Los ensayos clínicos de esa vacuna están en la fase 3, la última antes de conocer con exactitud si es segura y si permite proteger a la población de la enfermedad, tras lo cual necesitará el visto bueno de los reguladores antes de procederse a una vacunación masiva.

Según pudo saber el periódico de dos personas familiarizadas con estos estudios, la vacuna genera entre los ancianos anticuerpos y las llamadas células T (cuyo principal propósito es identificar y matar patógenos invasores o células infectadas).

La edad es el principal factor de riesgo de la Covid-19 dado que el sistema inmunológico se debilita con el tiempo, por lo que este grupo es el que más necesitará protección contra el coronavirus.
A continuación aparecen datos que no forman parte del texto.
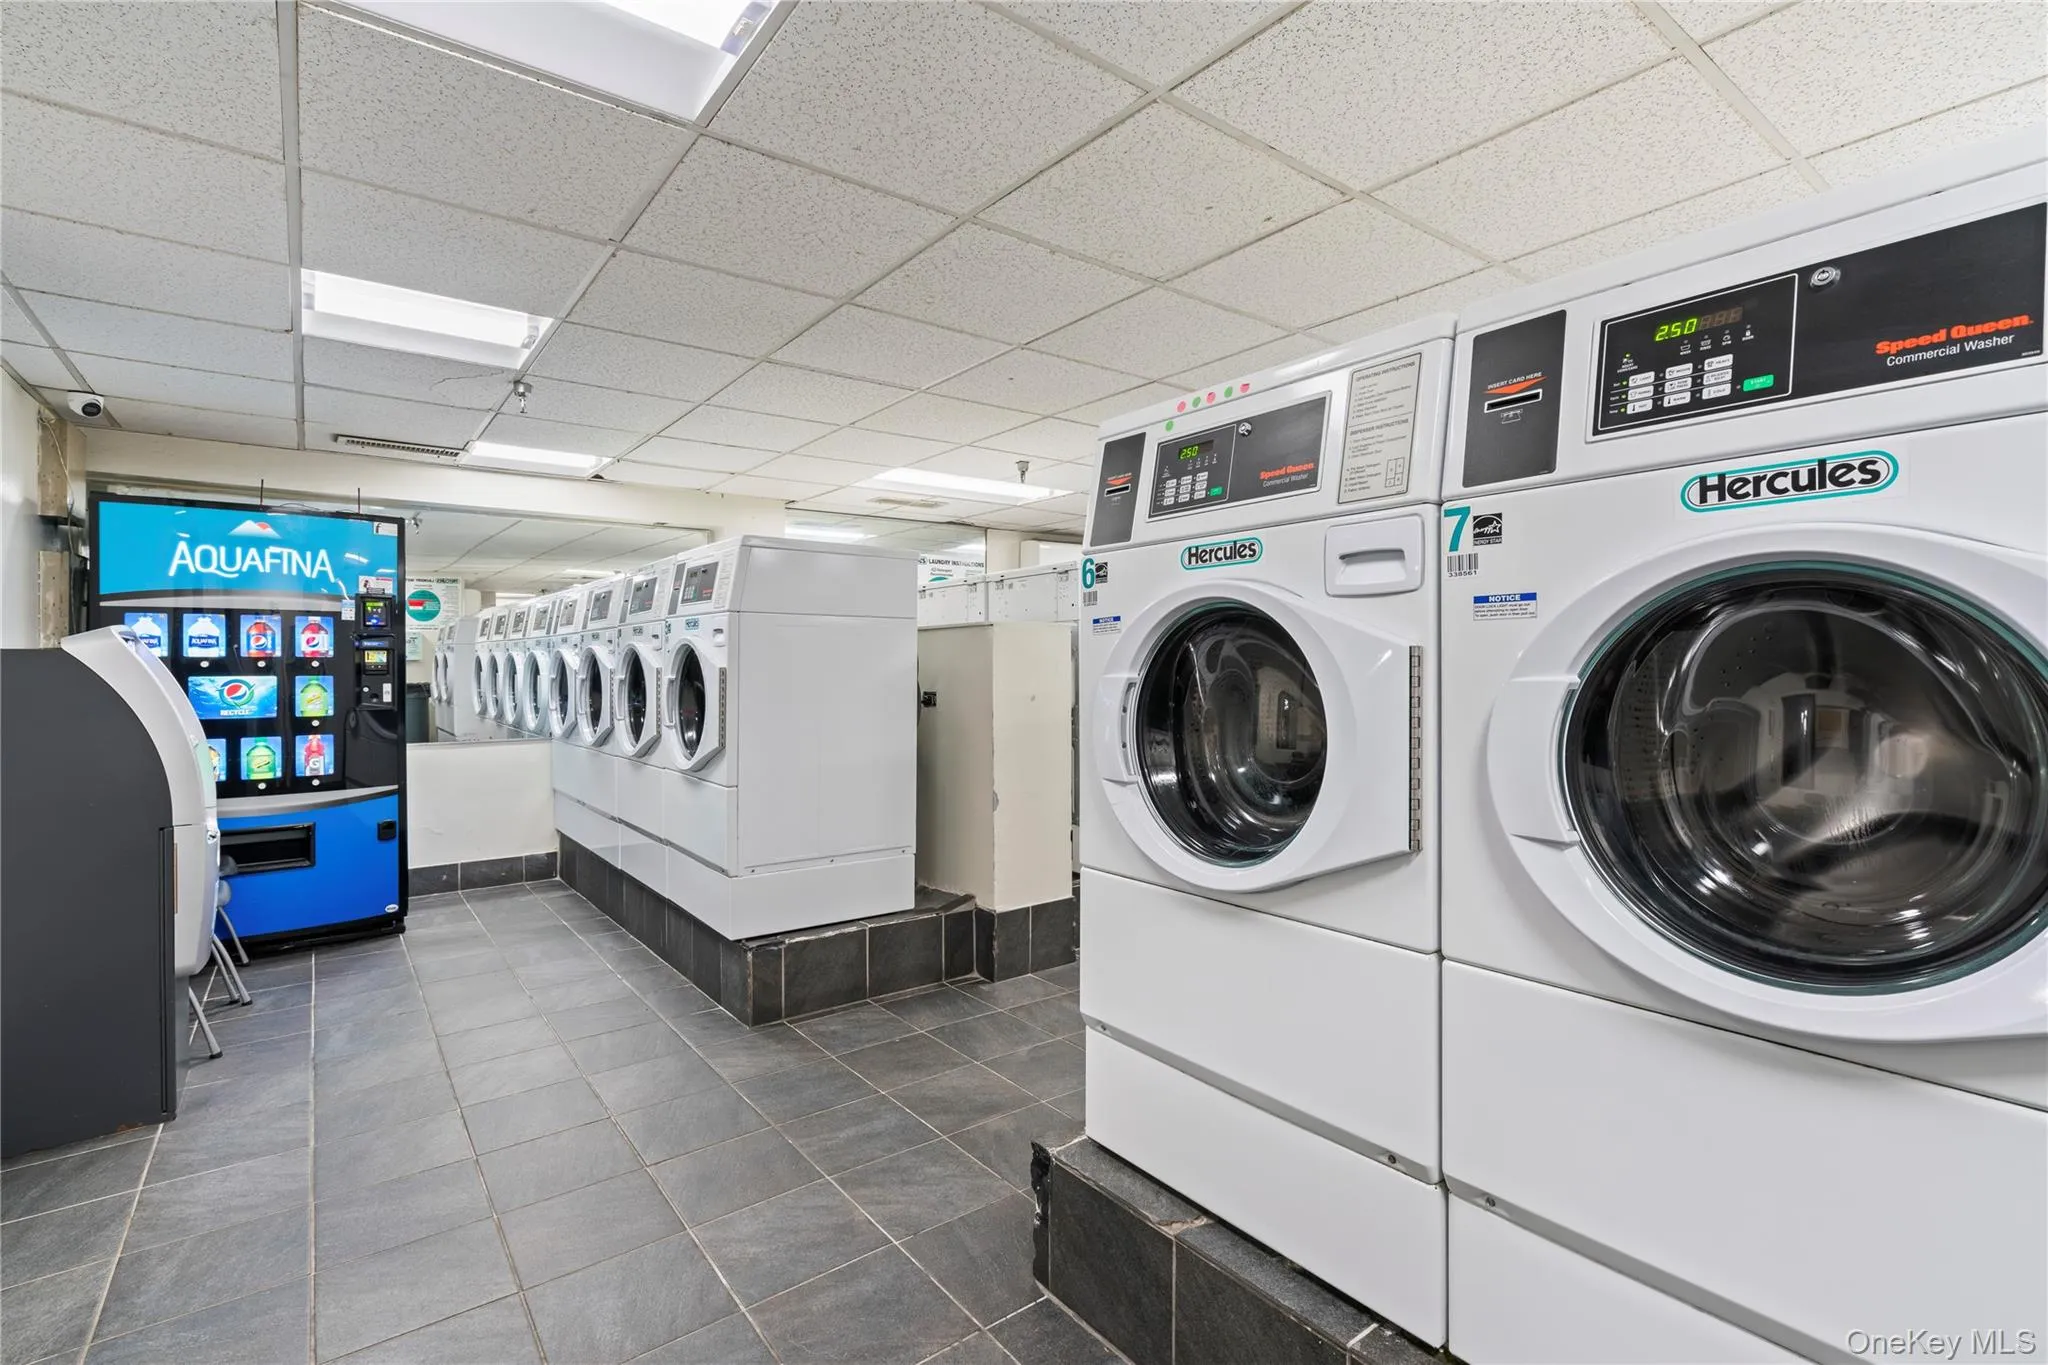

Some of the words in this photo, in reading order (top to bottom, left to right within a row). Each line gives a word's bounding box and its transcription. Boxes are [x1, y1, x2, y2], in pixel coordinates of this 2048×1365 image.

[1875, 328, 1947, 355] Speed
[1950, 314, 2030, 340] Queen
[1886, 344, 1960, 367] Commercial
[1964, 334, 2016, 352] Washer
[1488, 380, 1508, 390] INSERT
[1508, 376, 1525, 384] CARD
[1699, 458, 1882, 504] Hercules
[1444, 506, 1471, 552] 7
[1188, 541, 1256, 565] Hercules
[1082, 558, 1095, 589] 6
Según señalan fuentes del entorno de la investigación citadas por el FT, que no ha conseguido comentarios de Oxford, los resultados confirman los datos publicados en julio que apuntaban a que la vacuna generó “respuestas inmunes robustas” en un grupo de adultos sanos de entre 18 y 55 años.

Los detalles de la investigación se publicarán en breve en una revista científica, adelanta FT, que no da el nombre de la citada publicación.

“Si tienen datos que muestran que la vacuna genera una buena inmunidad, medida en el laboratorio, en el grupo de más de 55 años, y que incluye una buena respuesta en gente que es mucho mayor, creo que es una señal prometedora”, señaló al diario Jonathan Ball, profesor de virología de la Universidad inglesa de Nottingham.

El diario advierte que las pruebas de inmunogenicidad positivas no garantizan que la vacuna finalmente resulte segura y eficaz en las personas mayores.

AstraZeneca, que está desarrollando la vacuna con investigadores de la Universidad de Oxford, es considerada pionera en la carrera para producir una vacuna para proteger contra la Covid-19.

En agosto, la Unión Europea (UE) cerró con AstraZeneca un primer contrato que le garantiza acceso a 300 millones de dosis, pacto que se rubricó en nombre de los Estados miembros y las dosis se distribuirán en función de la población de cada país.

Además del contrato de la UE con AstraZeneca, los Gobiernos de Argentina y México, así como la fundación mexicana Slim, llegaron a un acuerdo con la farmacéutica y Oxford para fabricar la vacuna destinada a sus países y distribuirla después al resto de América Latina, excepto Brasil. Además del Reino Unido, las pruebas clínicas se han desarrollado en Estados Unidos, Brasil y Sudáfrica.

Los ensayos no han estado exentos de problemas. En septiembre, las pruebas se reanudaron tras ser interrumpidas por un breve periodo de tiempo por la reacción adversa sufrida por un voluntario.

Además, recientemente falleció en Brasil un voluntario, un caso del que no se dieron mayores detalles, pero que, según los medios, esta persona habría recibido un placebo y no la vacuna.